Coupons.com cashed in a winning ticket Friday with an initial public offering that nearly doubled on its first day of trading.
The website provider of digital coupons priced at $16, above the expected $12-$14 range. The NYSE-listed stock opened at 27, climbed to 33 intraday before closing up 87.5% at 30.
Coupons.com (COUP) raised $168 million by selling 10.5 million shares.
An early digital coupons entrant was RetailMeNot (SALE), which launched its IPO in July 2013. Priced at $21, the stock has more than doubled since then.
There have been 40 IPOs on U.S. markets so far this year vs. 22 new issues at the same point in 2013, according to IPO research and investment firm Renaissance Capital.

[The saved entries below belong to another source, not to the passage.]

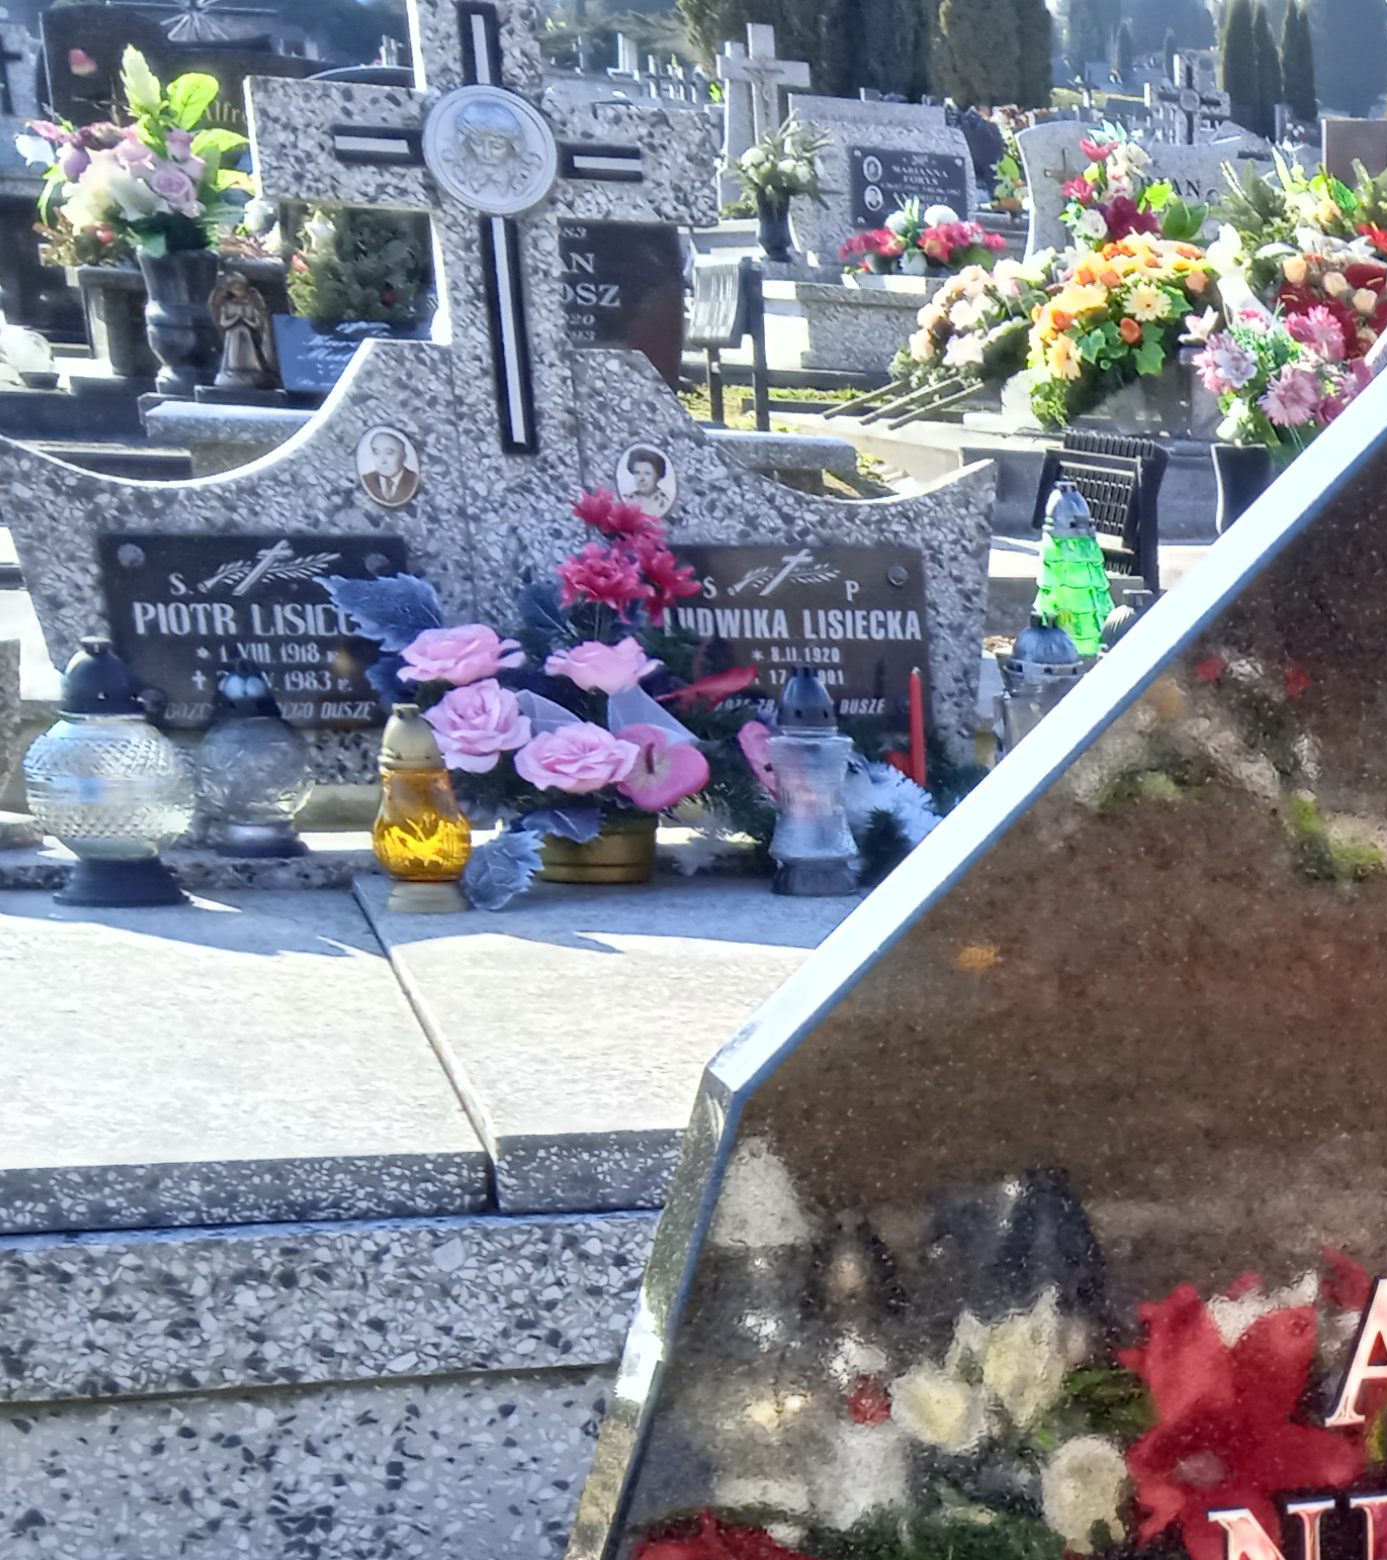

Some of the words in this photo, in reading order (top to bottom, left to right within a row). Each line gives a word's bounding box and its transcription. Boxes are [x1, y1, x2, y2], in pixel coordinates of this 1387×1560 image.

[131, 601, 238, 636] PIOTR
[663, 607, 790, 639] LUDWIKA
[803, 608, 923, 641] LISIECKA
[279, 642, 321, 664] 1918
[283, 670, 332, 692] 1983

Coupons.com was one of three IPOs Friday.
Aquinox Pharmaceuticals (AQXP) raised $42 million by selling 4.2 million shares at $11, the midpoint of its range. The stock climbed 9% to 12 in its debut. The biotech is working on early-stage treatments for inflammation of the lung and bladder.
Recro Pharma (REPH) raised $30 million by offering 3.8 million shares at $8, below the expected $10-$12 range. Recro, which is developing painkillers, rose 4% to 8.30.

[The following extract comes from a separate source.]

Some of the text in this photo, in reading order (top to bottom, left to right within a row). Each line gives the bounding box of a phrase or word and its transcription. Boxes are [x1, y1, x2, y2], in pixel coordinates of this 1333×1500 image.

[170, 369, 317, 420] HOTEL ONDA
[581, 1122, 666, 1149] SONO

Coupons.com says about 2,000 brands from more than 700 consumer packaged-goods companies use its platform "to engage consumers at the critical moments when they are choosing which products they will buy and where they will shop." That's according to its S-1 prospectus for the IPO filing.
Most of Coupons.com's revenue comes from digital promotion transactions. When a consumer selects a digital coupon on its platform by printing it or saving it to a retailer online account for redemption, Coupons.com is paid a fee, even if the coupon is not redeemed. It also collects fees when a consumer makes a purchase using a coupon code.
Coupons.com revenue rose 49% in 2013 to $168 million. It lost a net $11.2 million last year as it spent $61.8 million on sales and marketing and $40 million on research and development.
The online company turned a $1.5 million profit in Q4. Revenue rose 47% to $52.6 million from a year earlier.